*SUPPLIED MATERIAL*
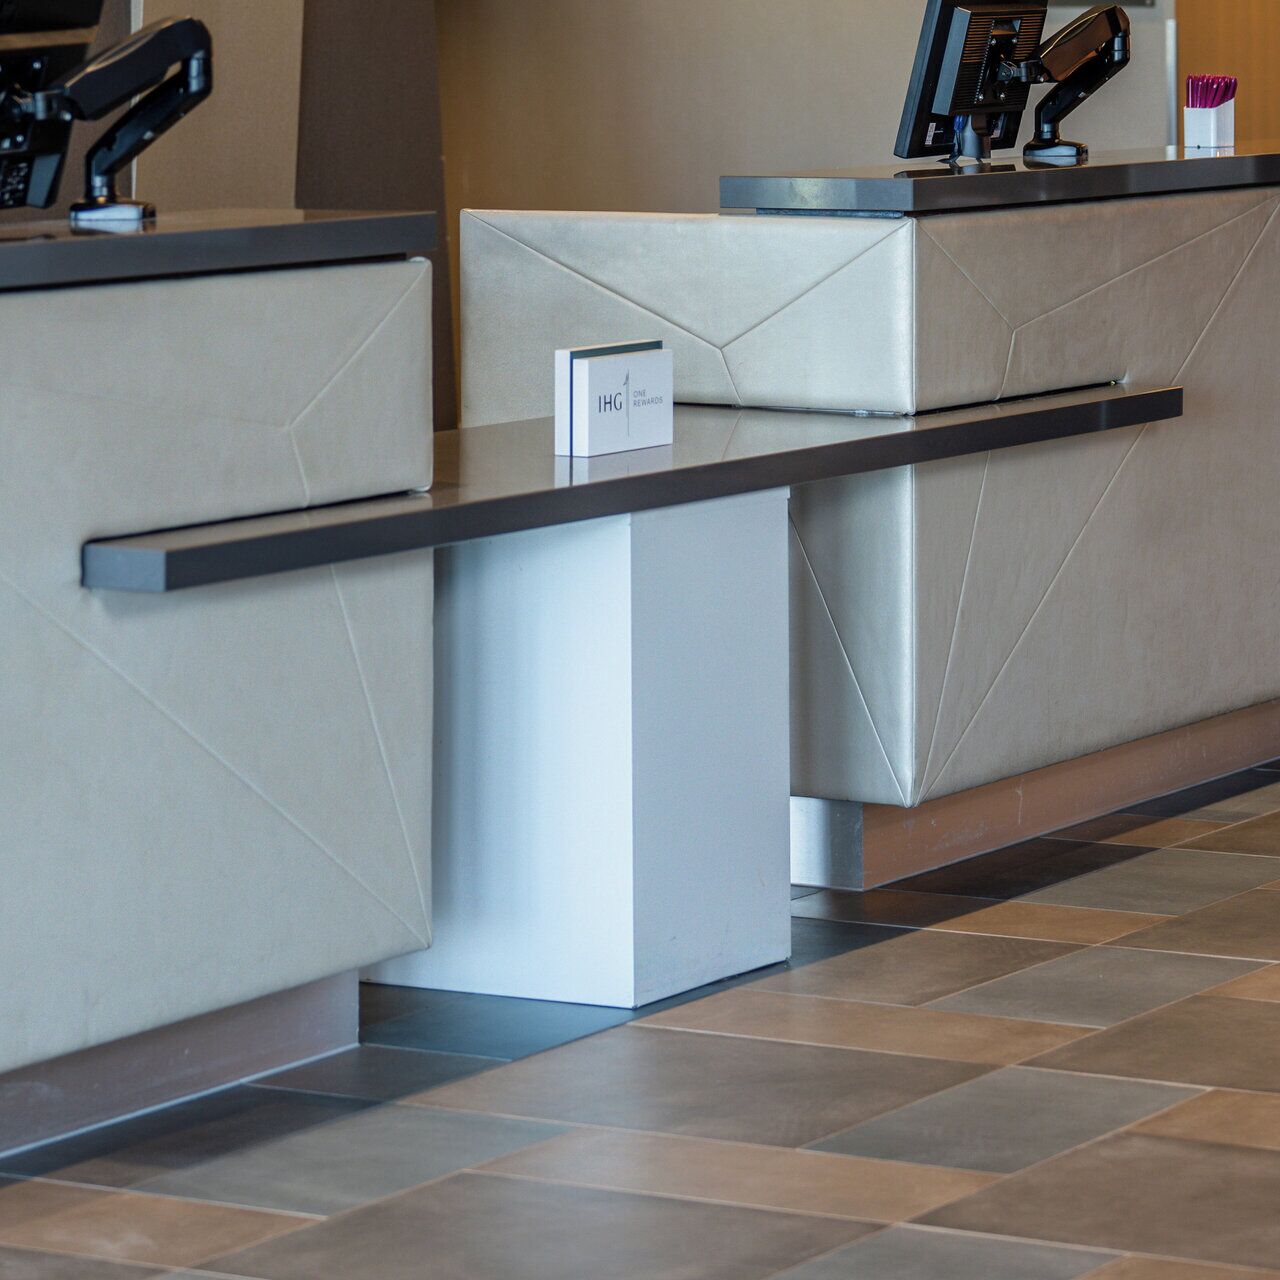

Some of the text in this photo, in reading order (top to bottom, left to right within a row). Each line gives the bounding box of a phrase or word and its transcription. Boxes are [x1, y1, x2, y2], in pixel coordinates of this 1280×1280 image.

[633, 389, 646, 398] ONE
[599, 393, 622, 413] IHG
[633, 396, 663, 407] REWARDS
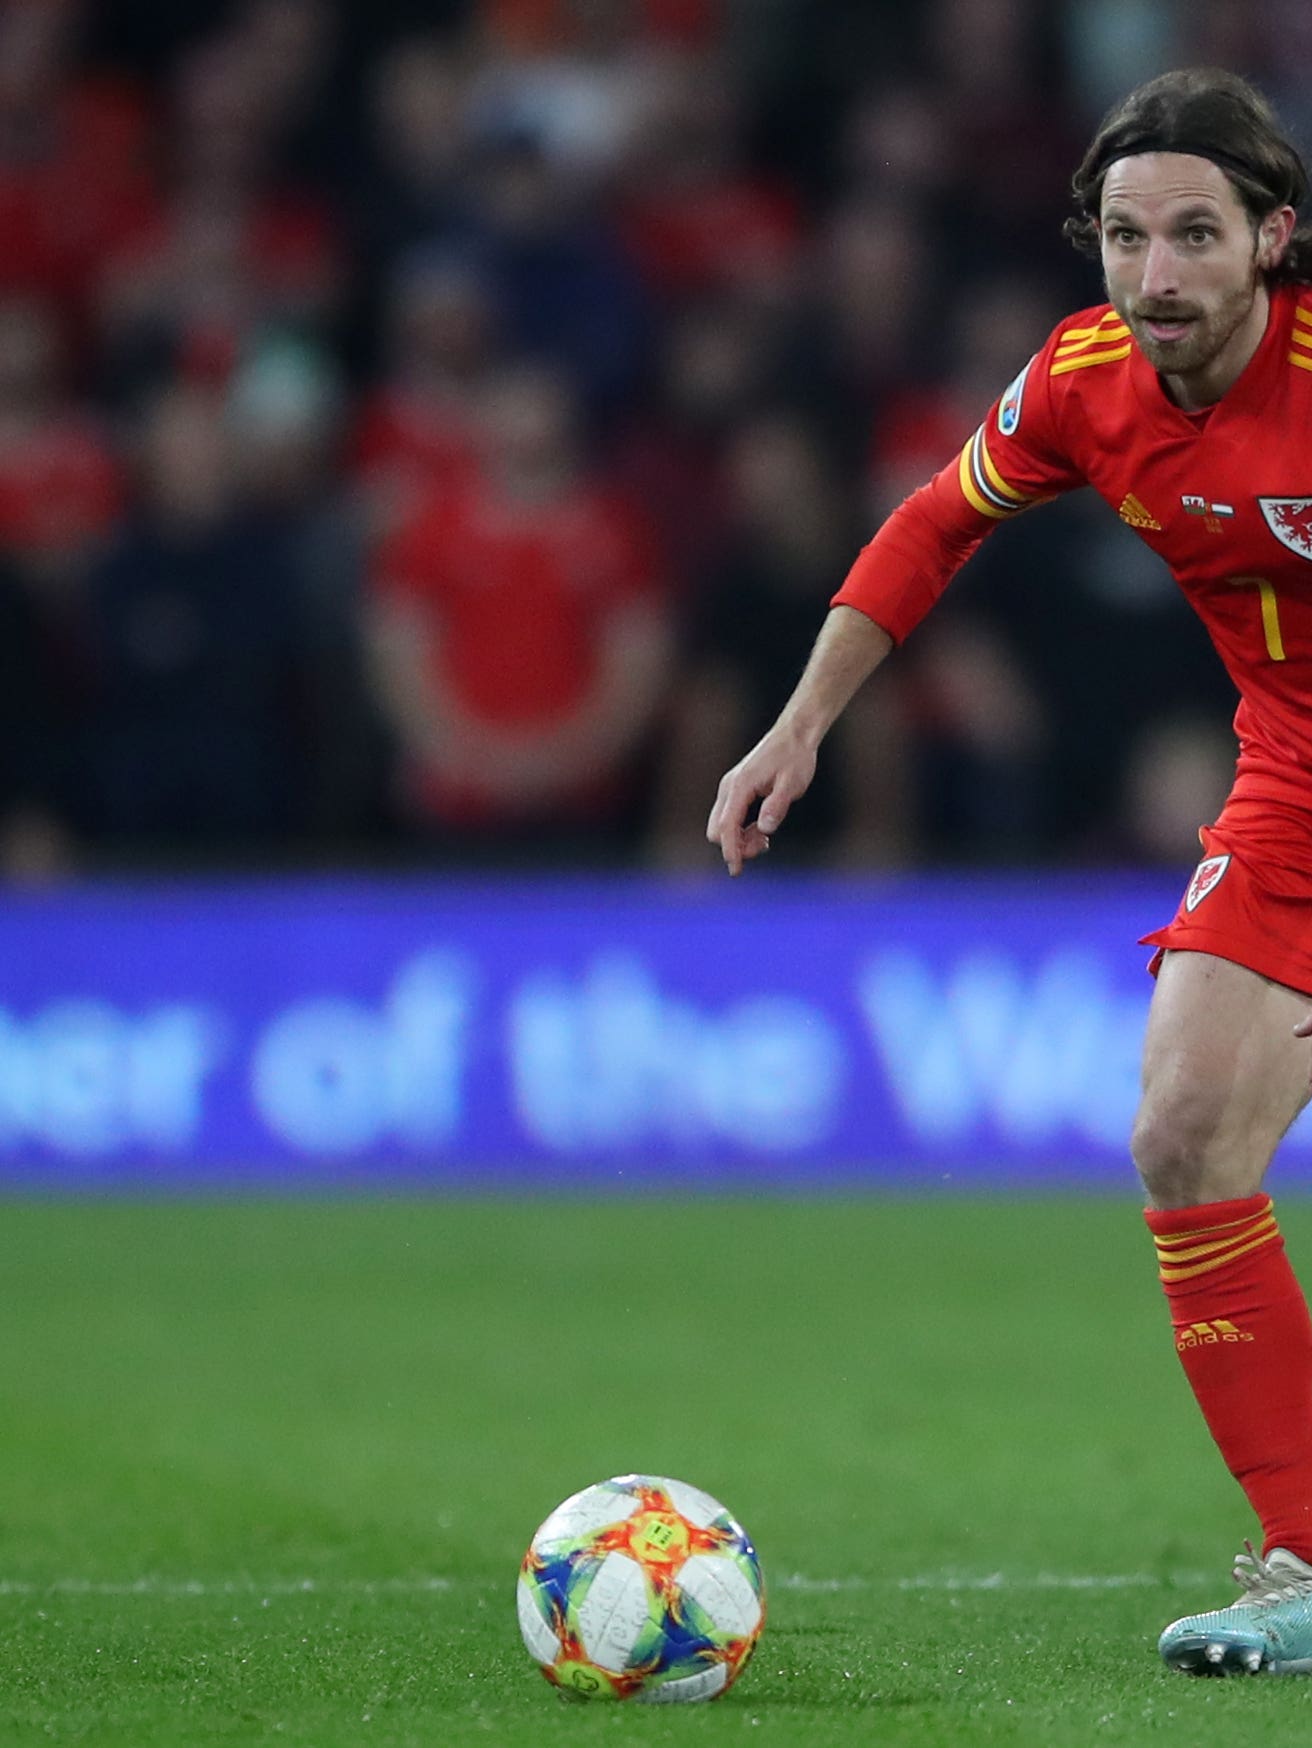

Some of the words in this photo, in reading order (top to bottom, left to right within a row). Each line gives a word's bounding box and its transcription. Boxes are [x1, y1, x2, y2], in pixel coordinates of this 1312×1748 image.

...

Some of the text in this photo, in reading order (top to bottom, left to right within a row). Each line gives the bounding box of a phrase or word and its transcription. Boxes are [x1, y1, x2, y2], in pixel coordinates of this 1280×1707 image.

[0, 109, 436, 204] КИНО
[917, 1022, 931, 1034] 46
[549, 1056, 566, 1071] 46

*WHAT NEEDS TO BE DONE*
Nothing but the lines above, starting at the line that contains "this 1280×1280 image." and ending at the line that contains "Some of the words", should be given again, exactly and without the pictures.

*TASK RESPONSE*
Some of the text in this photo, in reading order (top to bottom, left to right within a row). Each line gives the bounding box of a phrase or word and its transcription. Boxes are [x1, y1, x2, y2], in pixel coordinates of this 1280×1280 image.

[633, 389, 646, 398] ONE
[599, 393, 622, 413] IHG
[633, 396, 663, 407] REWARDS

Some of the words in this photo, in reading order (top to bottom, left to right within a row). Each line gives a word's bounding box and its transcription. Boxes are [x1, y1, x2, y2], in pixel coordinates of this 1312×1748 image.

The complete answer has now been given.